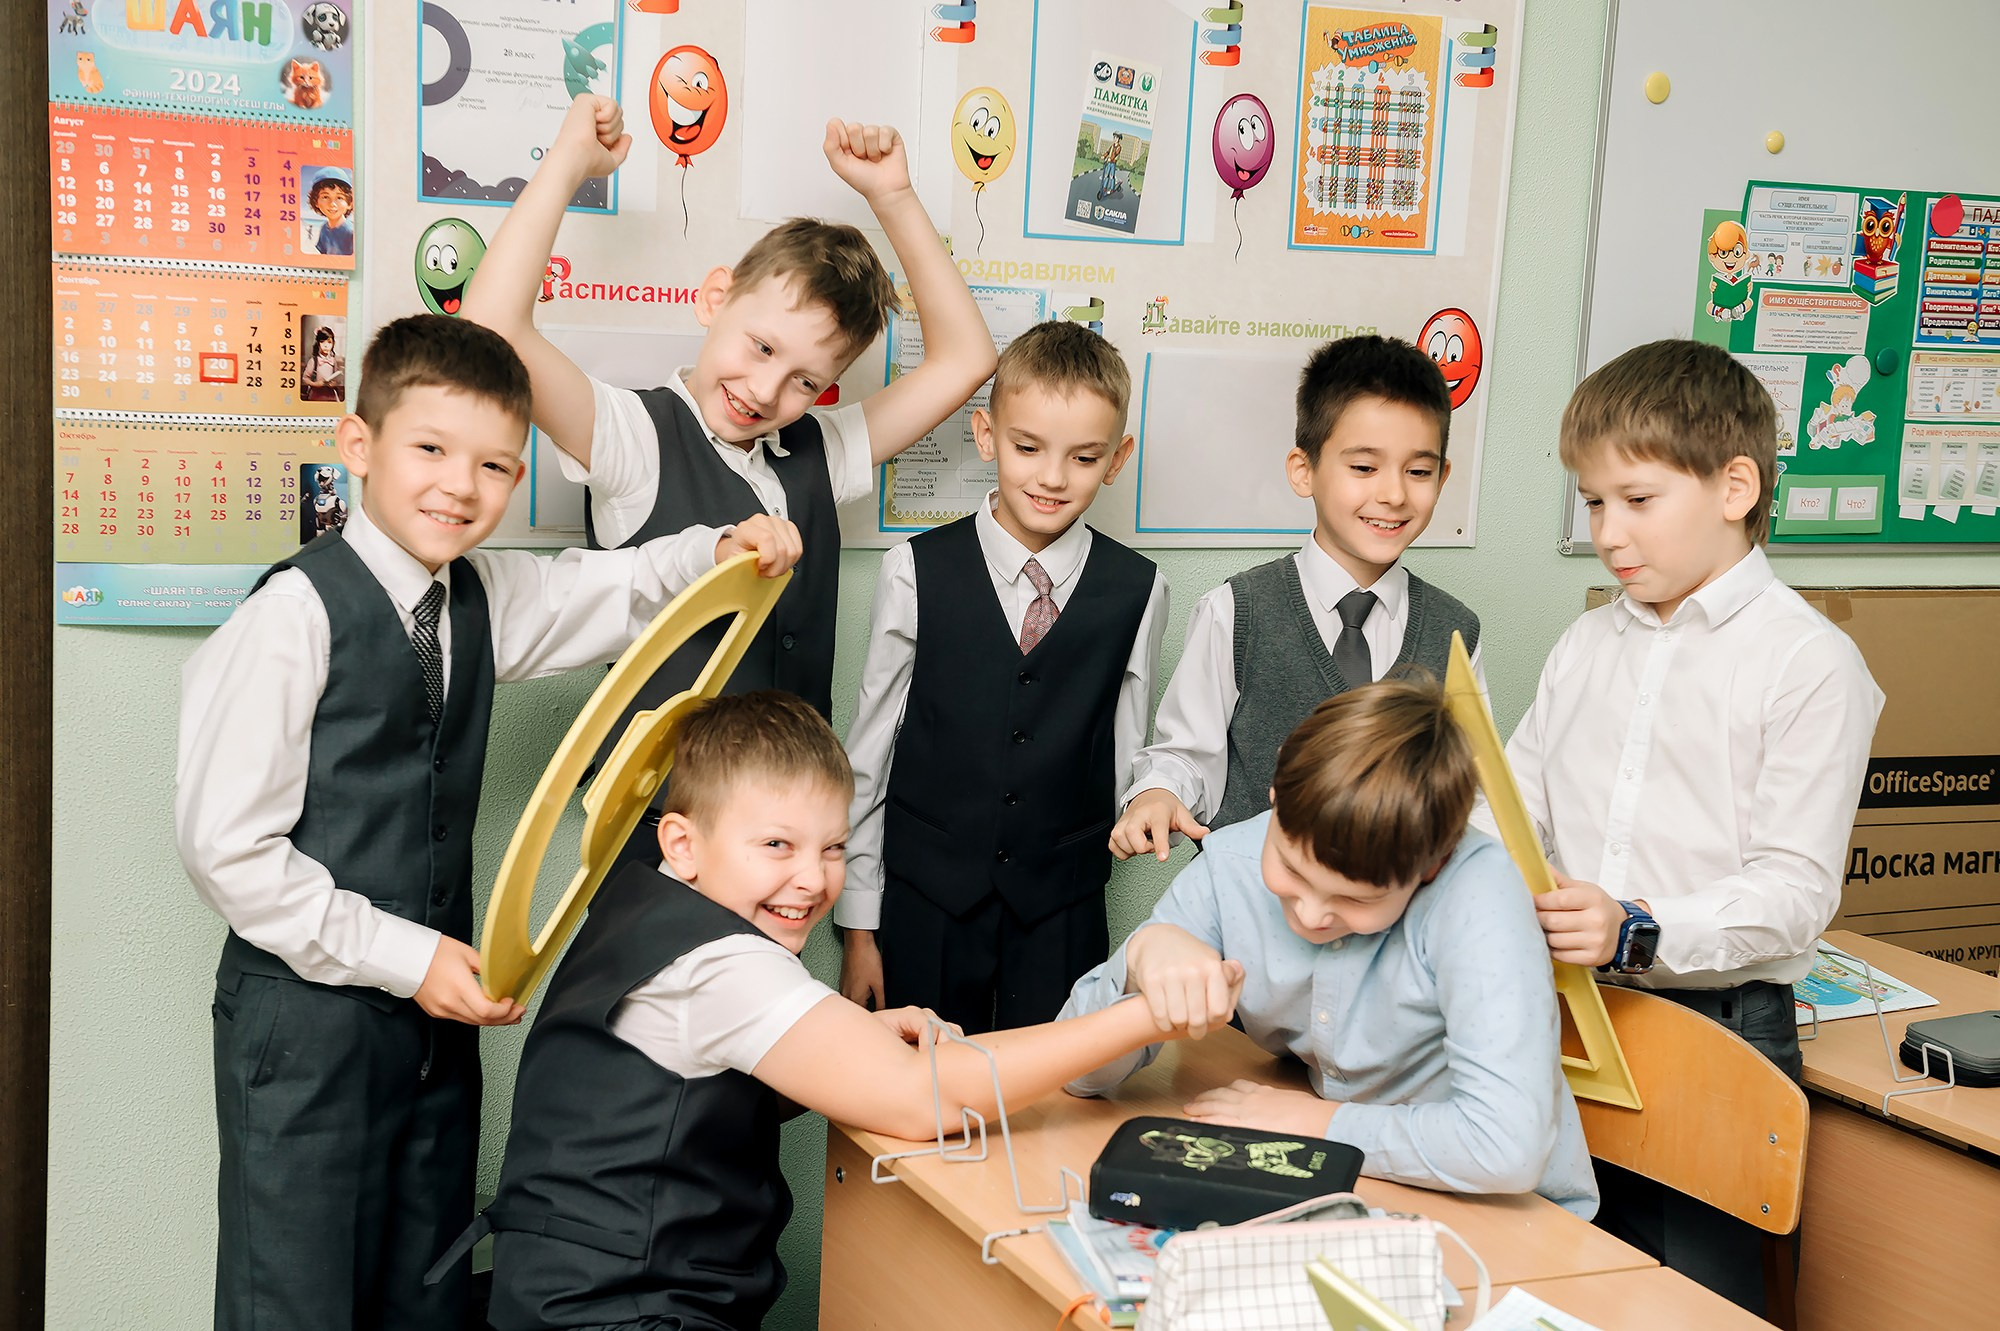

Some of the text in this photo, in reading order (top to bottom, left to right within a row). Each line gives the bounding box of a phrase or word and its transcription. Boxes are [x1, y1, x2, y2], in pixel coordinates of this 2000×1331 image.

[126, 0, 272, 46] ШАЯН
[1342, 24, 1409, 46] ТАБЛИЦА
[1337, 34, 1417, 63] УМНОЖЕНИЯ
[170, 68, 242, 96] 2024
[1338, 70, 1415, 85] 2 3 4 5
[1093, 87, 1148, 111] ПАМЯТКА
[1314, 96, 1321, 106] 2
[264, 102, 285, 111] ЕЛЫ
[54, 116, 84, 127] Август
[1312, 118, 1317, 128] 3
[1310, 147, 1316, 158] 4
[175, 150, 291, 171] 1 2 3 4
[61, 158, 294, 188] 5 6 7 8 9 10 11
[57, 176, 296, 205] 12 13 14 15 16 17 18
[58, 194, 296, 222] 19 20 21 22 23 24 25
[1105, 209, 1127, 220] САКЛА
[57, 211, 260, 236] 26 27 28 29 30 31
[1930, 242, 1982, 252] Именительный
[1929, 257, 1975, 266] Родительный
[953, 254, 1116, 284] оздравляем
[57, 275, 100, 285] Сентябрь
[1927, 272, 1966, 281] Дательный
[1925, 288, 1972, 297] Винительный
[1788, 297, 1862, 308] СУЩЕСТВИТЕЛЬНОЕ
[1925, 303, 1974, 312] Творительный
[285, 311, 291, 322] 1
[1142, 296, 1378, 339] Давайте знакомиться
[1923, 318, 1968, 327] Предложный
[64, 316, 292, 339] 2 3 4 5 6 7 8
[65, 334, 295, 355] 9 10 11 12 13 14 15
[61, 351, 295, 372] 16 17 18 19 20 21 22
[61, 368, 295, 388] 23 24 25 26 28 29
[61, 385, 80, 397] 30
[60, 432, 97, 440] Октябрь
[1912, 428, 1925, 436] Род
[104, 457, 291, 472] 1 2 3 4 5 6
[66, 472, 295, 488] 7 8 9 10 11 12 13
[62, 490, 295, 504] 14 15 16 17 18 19 20
[1800, 498, 1866, 509] Кто? Что?
[62, 506, 295, 521] 21 22 23 24 25 26 27
[62, 523, 190, 537] 28 29 30 31
[62, 589, 104, 603] ШАЯН
[144, 586, 246, 595] «ШАЯН ТВ» белән
[117, 599, 232, 610] телне саклау менә
[1869, 770, 1991, 796] OfficeSpace
[1846, 848, 1935, 885] Доска
[1917, 948, 1964, 962] ЖНО
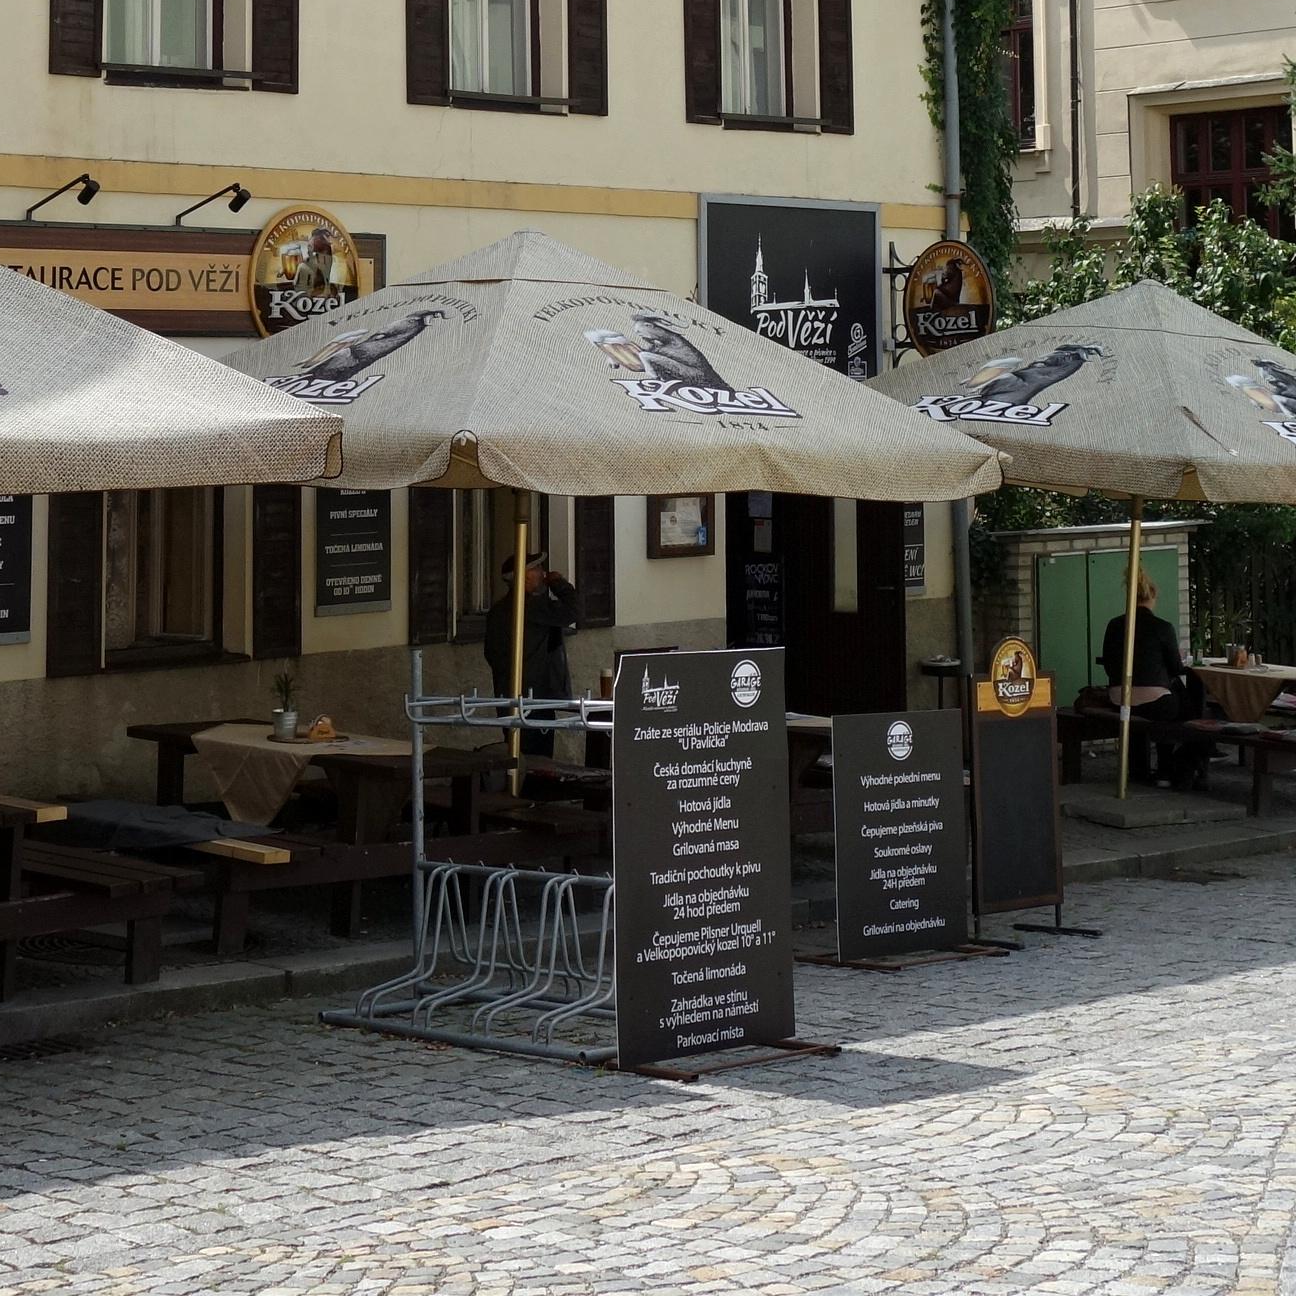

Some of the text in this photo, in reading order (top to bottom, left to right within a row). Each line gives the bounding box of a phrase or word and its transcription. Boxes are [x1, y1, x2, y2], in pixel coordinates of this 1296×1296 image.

[132, 267, 182, 292] POD
[188, 263, 241, 293] VĚŽÍ
[268, 290, 346, 321] Kozel
[756, 310, 786, 338] Pod
[787, 310, 837, 348] Věží
[916, 310, 979, 336] Kozel
[609, 378, 803, 419] Kozel
[913, 394, 1071, 427] Kozel
[731, 676, 762, 689] GARAGE
[998, 681, 1030, 697] Kozel
[656, 691, 679, 707] Věží
[634, 720, 769, 741] Znáte ze seriálu Policie Modrava
[654, 757, 752, 778] Česká domácí kuchyně
[666, 773, 740, 790] za rozumné ceny
[861, 772, 941, 789] Výhodné polední menu
[679, 796, 732, 813] Hotová jídla
[864, 799, 890, 812] Hotová
[911, 795, 940, 809] minutky
[672, 818, 739, 838] Výhodné Menu
[861, 820, 943, 839] Čepujeme plzeňská piva
[673, 840, 740, 856] Grilovaná masa
[874, 842, 933, 859] Soukromé oslavy
[650, 860, 761, 885] Tradiční pochoutky k pivu
[869, 862, 937, 881] Jídla na objednávku
[883, 877, 926, 891] 24H předem
[663, 884, 750, 908] Jídla na objednávku
[890, 897, 920, 910] Catering
[673, 901, 741, 920] 24 hod předem
[652, 919, 762, 948] Čepujeme Pilsner Urquell
[863, 916, 946, 937] Grilování na objednávku
[636, 952, 643, 963] a
[644, 942, 716, 962] Velkopopovický
[717, 937, 740, 951] kozel
[755, 935, 761, 946] a
[672, 962, 747, 985] Točená limonáda
[671, 990, 748, 1013] Zahrádka ve stínu
[659, 1000, 759, 1030] s výhledem na náměstí
[677, 1026, 744, 1048] Parkovací místa

====================

Task statement >> Each line above is to be copied exactly, and the pictures are to be dropped.

Result for this task >>
Some of the text in this photo, in reading order (top to bottom, left to right within a row). Each line gives the bounding box of a phrase or word and its transcription. Boxes are [x1, y1, x2, y2], in pixel coordinates of this 2000×1331 image.

[126, 0, 272, 46] ШАЯН
[1342, 24, 1409, 46] ТАБЛИЦА
[1337, 34, 1417, 63] УМНОЖЕНИЯ
[170, 68, 242, 96] 2024
[1338, 70, 1415, 85] 2 3 4 5
[1093, 87, 1148, 111] ПАМЯТКА
[1314, 96, 1321, 106] 2
[264, 102, 285, 111] ЕЛЫ
[54, 116, 84, 127] Август
[1312, 118, 1317, 128] 3
[1310, 147, 1316, 158] 4
[175, 150, 291, 171] 1 2 3 4
[61, 158, 294, 188] 5 6 7 8 9 10 11
[57, 176, 296, 205] 12 13 14 15 16 17 18
[58, 194, 296, 222] 19 20 21 22 23 24 25
[1105, 209, 1127, 220] САКЛА
[57, 211, 260, 236] 26 27 28 29 30 31
[1930, 242, 1982, 252] Именительный
[1929, 257, 1975, 266] Родительный
[953, 254, 1116, 284] оздравляем
[57, 275, 100, 285] Сентябрь
[1927, 272, 1966, 281] Дательный
[1925, 288, 1972, 297] Винительный
[1788, 297, 1862, 308] СУЩЕСТВИТЕЛЬНОЕ
[1925, 303, 1974, 312] Творительный
[285, 311, 291, 322] 1
[1142, 296, 1378, 339] Давайте знакомиться
[1923, 318, 1968, 327] Предложный
[64, 316, 292, 339] 2 3 4 5 6 7 8
[65, 334, 295, 355] 9 10 11 12 13 14 15
[61, 351, 295, 372] 16 17 18 19 20 21 22
[61, 368, 295, 388] 23 24 25 26 28 29
[61, 385, 80, 397] 30
[60, 432, 97, 440] Октябрь
[1912, 428, 1925, 436] Род
[104, 457, 291, 472] 1 2 3 4 5 6
[66, 472, 295, 488] 7 8 9 10 11 12 13
[62, 490, 295, 504] 14 15 16 17 18 19 20
[1800, 498, 1866, 509] Кто? Что?
[62, 506, 295, 521] 21 22 23 24 25 26 27
[62, 523, 190, 537] 28 29 30 31
[62, 589, 104, 603] ШАЯН
[144, 586, 246, 595] «ШАЯН ТВ» белән
[117, 599, 232, 610] телне саклау менә
[1869, 770, 1991, 796] OfficeSpace
[1846, 848, 1935, 885] Доска
[1917, 948, 1964, 962] ЖНО

Some of the text in this photo, in reading order (top to bottom, left to right within a row). Each line gives the bounding box of a phrase or word and its transcription. Boxes are [x1, y1, x2, y2], in pixel coordinates of this 1296×1296 image.

[132, 267, 182, 292] POD
[188, 263, 241, 293] VĚŽÍ
[268, 290, 346, 321] Kozel
[756, 310, 786, 338] Pod
[787, 310, 837, 348] Věží
[916, 310, 979, 336] Kozel
[609, 378, 803, 419] Kozel
[913, 394, 1071, 427] Kozel
[731, 676, 762, 689] GARAGE
[998, 681, 1030, 697] Kozel
[656, 691, 679, 707] Věží
[634, 720, 769, 741] Znáte ze seriálu Policie Modrava
[654, 757, 752, 778] Česká domácí kuchyně
[666, 773, 740, 790] za rozumné ceny
[861, 772, 941, 789] Výhodné polední menu
[679, 796, 732, 813] Hotová jídla
[864, 799, 890, 812] Hotová
[911, 795, 940, 809] minutky
[672, 818, 739, 838] Výhodné Menu
[861, 820, 943, 839] Čepujeme plzeňská piva
[673, 840, 740, 856] Grilovaná masa
[874, 842, 933, 859] Soukromé oslavy
[650, 860, 761, 885] Tradiční pochoutky k pivu
[869, 862, 937, 881] Jídla na objednávku
[883, 877, 926, 891] 24H předem
[663, 884, 750, 908] Jídla na objednávku
[890, 897, 920, 910] Catering
[673, 901, 741, 920] 24 hod předem
[652, 919, 762, 948] Čepujeme Pilsner Urquell
[863, 916, 946, 937] Grilování na objednávku
[636, 952, 643, 963] a
[644, 942, 716, 962] Velkopopovický
[717, 937, 740, 951] kozel
[755, 935, 761, 946] a
[672, 962, 747, 985] Točená limonáda
[671, 990, 748, 1013] Zahrádka ve stínu
[659, 1000, 759, 1030] s výhledem na náměstí
[677, 1026, 744, 1048] Parkovací místa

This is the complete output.